Work task
I'd like every entry transcribed word for word, with no pictures.

The data
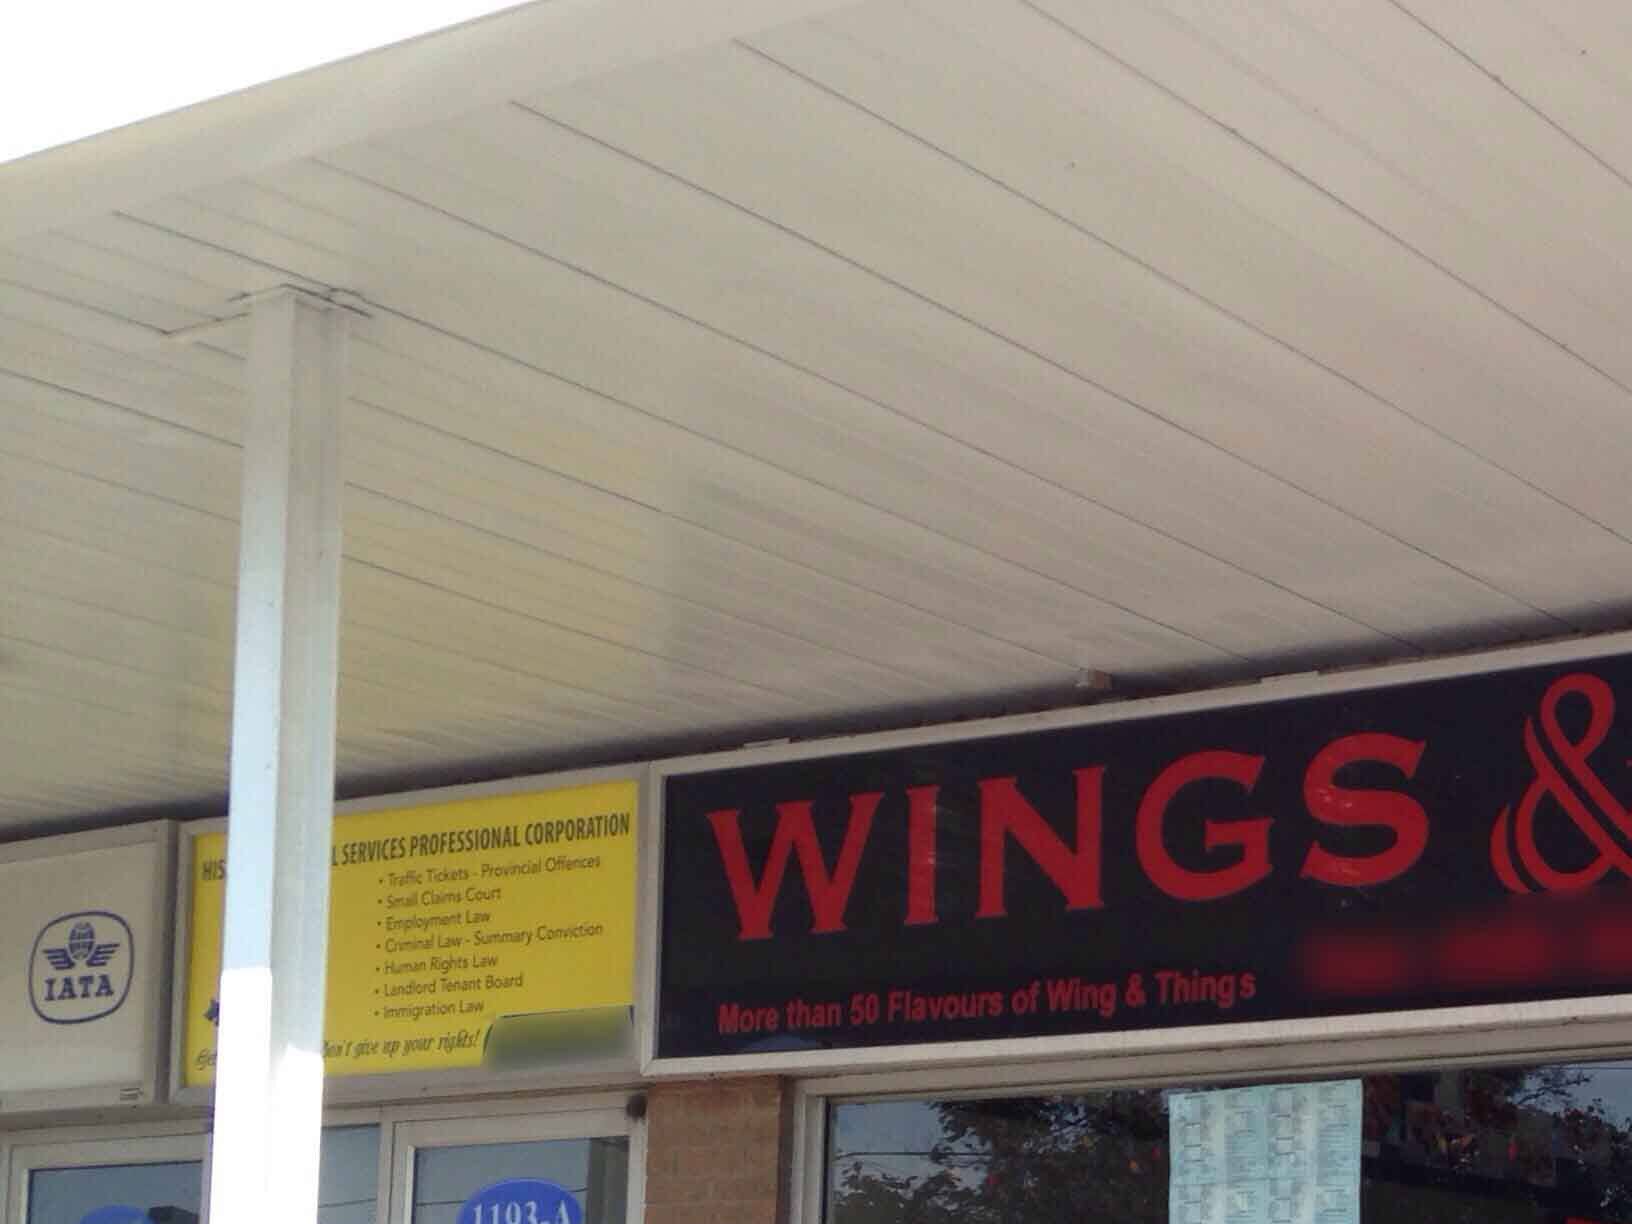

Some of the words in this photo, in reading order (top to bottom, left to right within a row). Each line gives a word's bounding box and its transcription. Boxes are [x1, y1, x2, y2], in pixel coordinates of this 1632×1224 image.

[341, 836, 405, 865] SERVICES
[410, 825, 520, 856] PROFESSIONAL
[525, 813, 630, 845] CORPORATION
[708, 733, 1429, 942] WINGS
[428, 867, 469, 882] Tickets
[481, 860, 541, 878] Provincial
[466, 909, 490, 923] Law
[473, 954, 497, 968] Law
[45, 974, 114, 1001] IATA
[486, 972, 523, 988] Board
[718, 1003, 778, 1034] More
[786, 999, 841, 1028] than
[850, 993, 880, 1024] 50
[887, 988, 1003, 1022] Flavours
[1012, 979, 1040, 1014] of
[1047, 976, 1116, 1017] Wing
[1125, 973, 1147, 1007] &
[1156, 969, 1256, 1008] Things
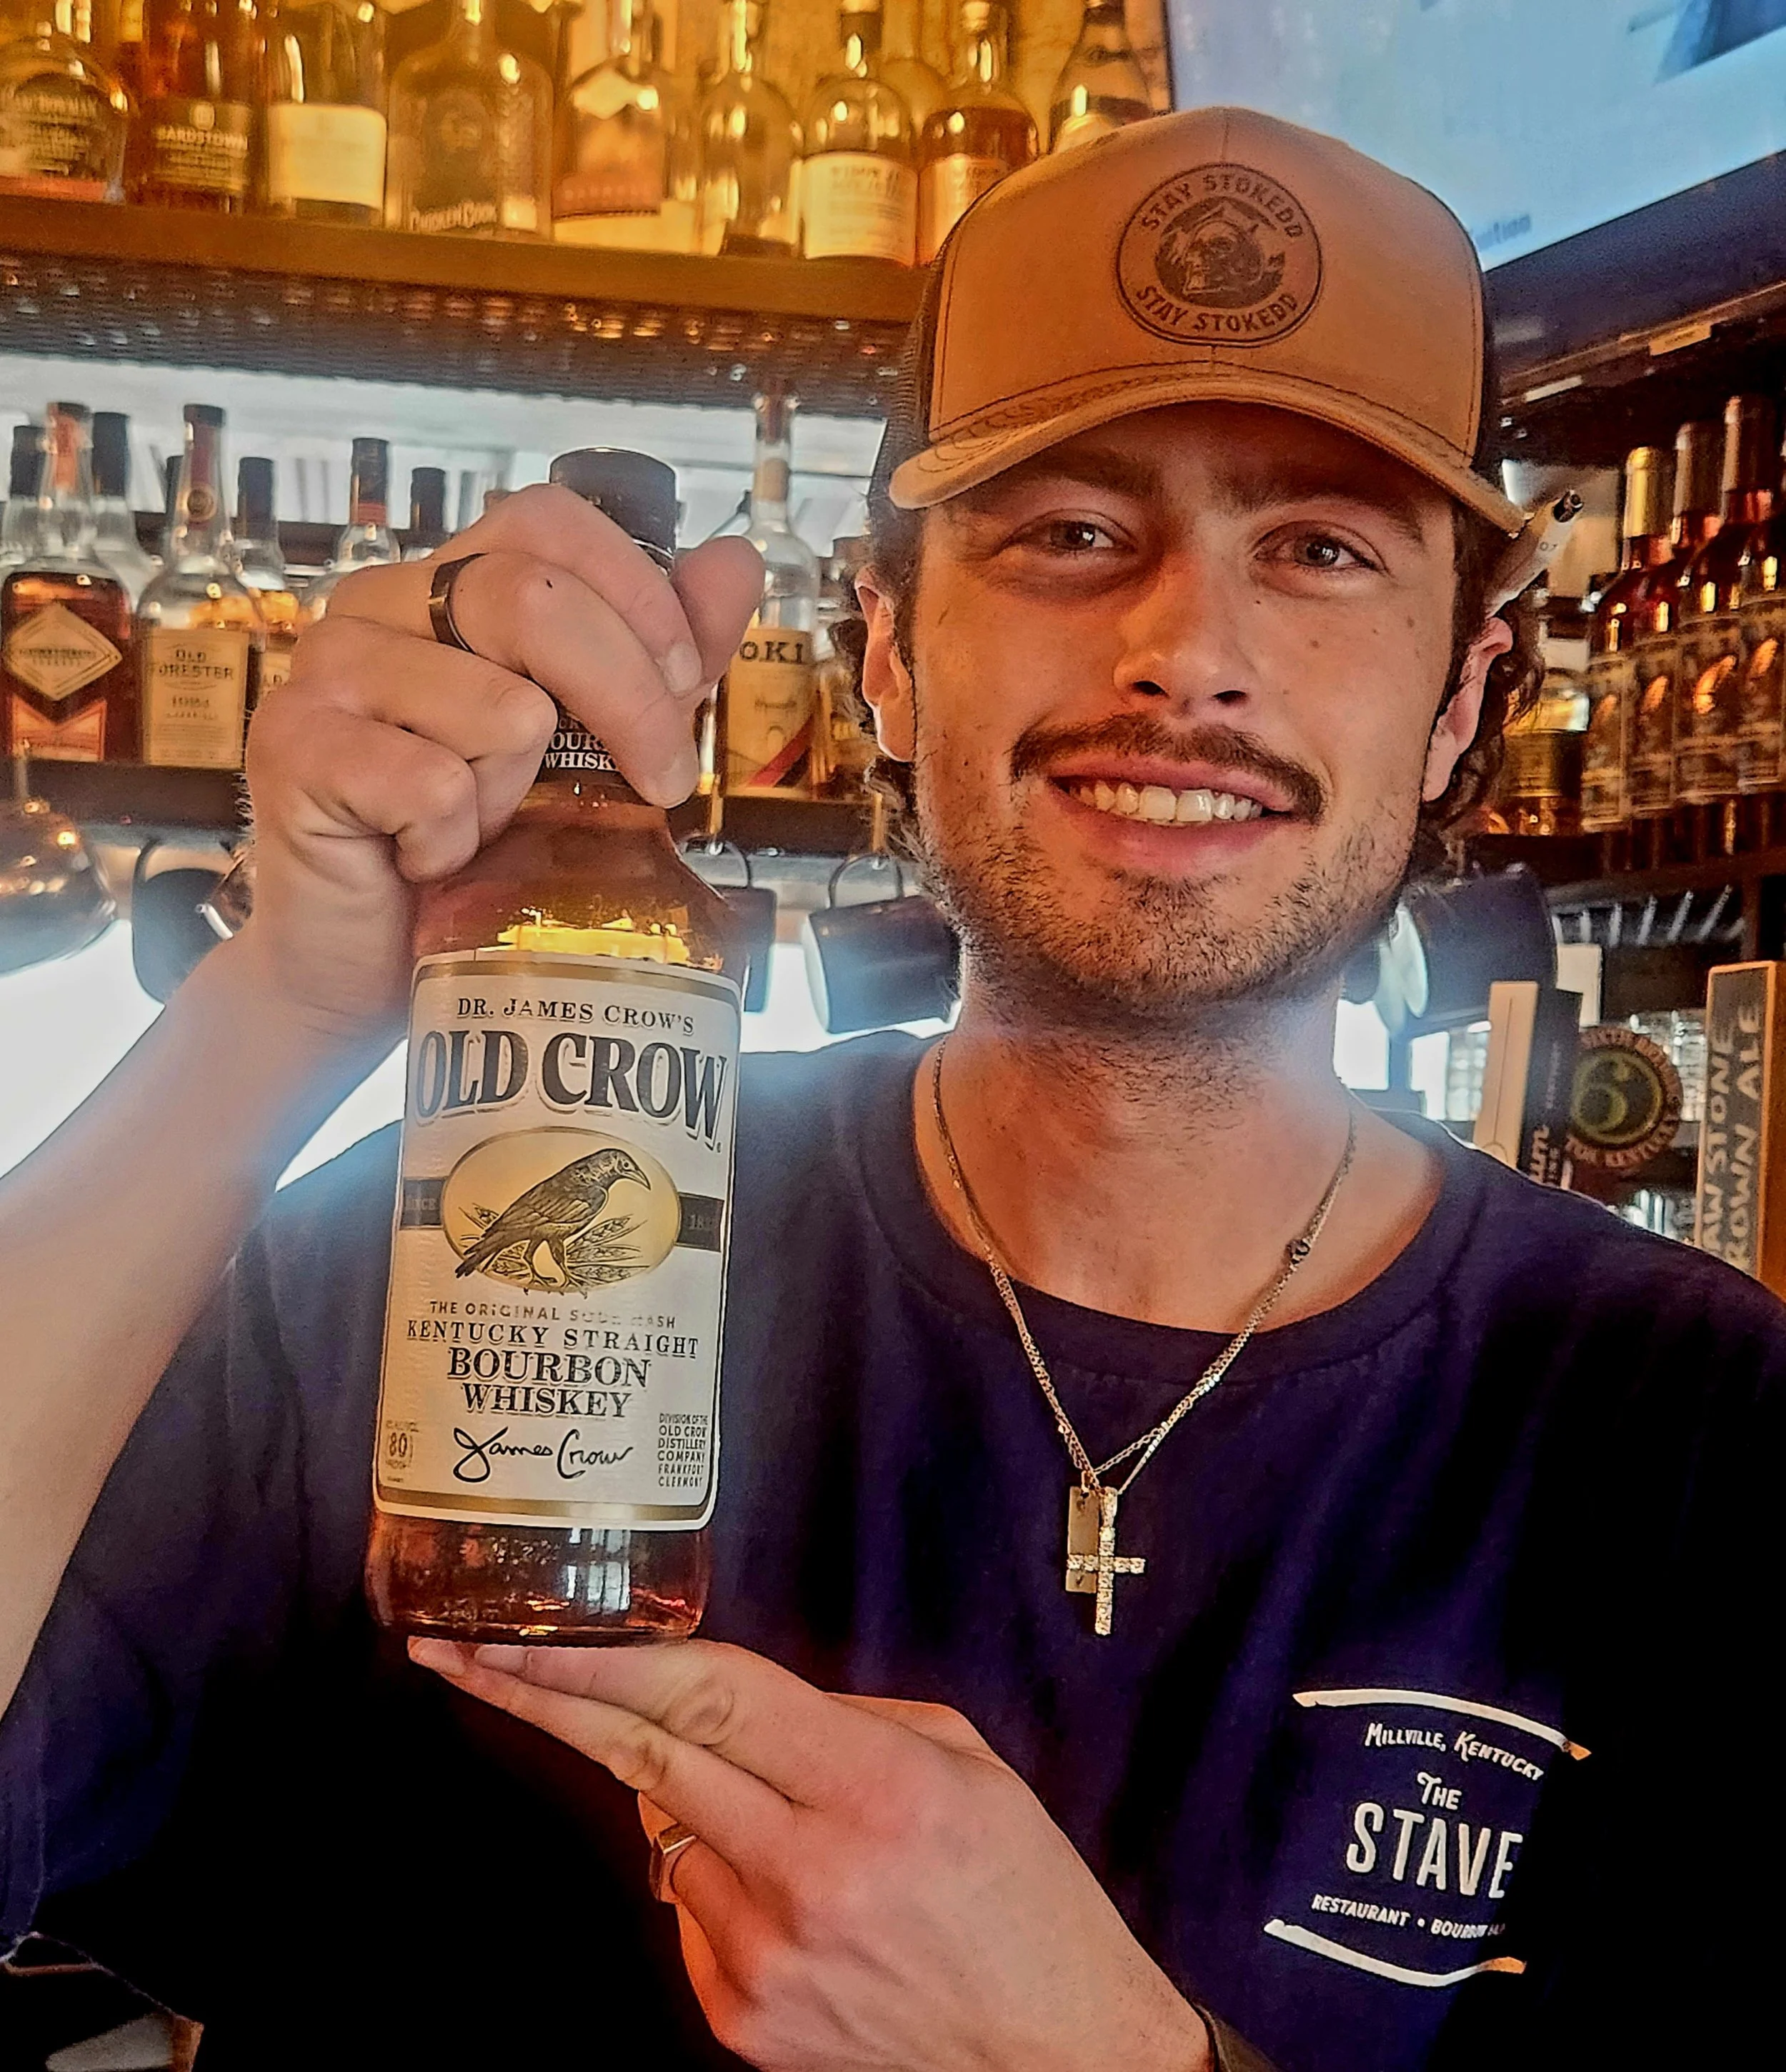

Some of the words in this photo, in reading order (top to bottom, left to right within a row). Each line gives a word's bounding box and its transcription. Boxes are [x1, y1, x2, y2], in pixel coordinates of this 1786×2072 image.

[1141, 182, 1194, 231] STAY
[1202, 173, 1304, 238] STOKEDD
[1136, 285, 1189, 326] STAY
[1194, 292, 1299, 333] STOKEDD
[176, 648, 206, 663] OLD
[545, 751, 619, 771] WHISK
[457, 998, 494, 1019] DR.
[503, 998, 594, 1022] JAMES
[604, 1004, 694, 1035] CROW'S
[1737, 1005, 1762, 1101] ALE
[416, 1030, 529, 1118] OLD
[1703, 1024, 1736, 1252] AWSTONE
[1724, 1123, 1757, 1268] ROWN
[430, 1301, 458, 1314] THE
[465, 1302, 561, 1321] ORIGINAL
[408, 1320, 549, 1346] KENTUCKY
[564, 1328, 699, 1357] STRAIGHT
[448, 1346, 651, 1388] BOURBON
[462, 1382, 632, 1418] WHISKEY
[389, 1431, 408, 1458] 80
[659, 1425, 682, 1437] OLD
[452, 1426, 553, 1483] James
[557, 1428, 634, 1479] Crow
[1365, 1722, 1446, 1752] MILLVILLE,
[1455, 1730, 1544, 1781] KENTUCKY
[1417, 1771, 1462, 1810] THE
[1346, 1801, 1523, 1898] STAVE
[1311, 1893, 1411, 1927] RESTAURANT

Task response
Some of the words in this photo, in reading order (top to bottom, left to right within a row). Each line gives a word's bounding box and its transcription. Boxes are [x1, y1, x2, y2], in pixel coordinates of this 1632×1224 image.

[341, 836, 405, 865] SERVICES
[410, 825, 520, 856] PROFESSIONAL
[525, 813, 630, 845] CORPORATION
[708, 733, 1429, 942] WINGS
[428, 867, 469, 882] Tickets
[481, 860, 541, 878] Provincial
[466, 909, 490, 923] Law
[473, 954, 497, 968] Law
[45, 974, 114, 1001] IATA
[486, 972, 523, 988] Board
[718, 1003, 778, 1034] More
[786, 999, 841, 1028] than
[850, 993, 880, 1024] 50
[887, 988, 1003, 1022] Flavours
[1012, 979, 1040, 1014] of
[1047, 976, 1116, 1017] Wing
[1125, 973, 1147, 1007] &
[1156, 969, 1256, 1008] Things

Some of the words in this photo, in reading order (top to bottom, left to right within a row). Each line gives a word's bounding box and its transcription. Boxes are [x1, y1, x2, y2], in pixel coordinates of this 1786×2072 image.

[1141, 182, 1194, 231] STAY
[1202, 173, 1304, 238] STOKEDD
[1136, 285, 1189, 326] STAY
[1194, 292, 1299, 333] STOKEDD
[176, 648, 206, 663] OLD
[545, 751, 619, 771] WHISK
[457, 998, 494, 1019] DR.
[503, 998, 594, 1022] JAMES
[604, 1004, 694, 1035] CROW'S
[1737, 1005, 1762, 1101] ALE
[416, 1030, 529, 1118] OLD
[1703, 1024, 1736, 1252] AWSTONE
[1724, 1123, 1757, 1268] ROWN
[430, 1301, 458, 1314] THE
[465, 1302, 561, 1321] ORIGINAL
[408, 1320, 549, 1346] KENTUCKY
[564, 1328, 699, 1357] STRAIGHT
[448, 1346, 651, 1388] BOURBON
[462, 1382, 632, 1418] WHISKEY
[389, 1431, 408, 1458] 80
[659, 1425, 682, 1437] OLD
[452, 1426, 553, 1483] James
[557, 1428, 634, 1479] Crow
[1365, 1722, 1446, 1752] MILLVILLE,
[1455, 1730, 1544, 1781] KENTUCKY
[1417, 1771, 1462, 1810] THE
[1346, 1801, 1523, 1898] STAVE
[1311, 1893, 1411, 1927] RESTAURANT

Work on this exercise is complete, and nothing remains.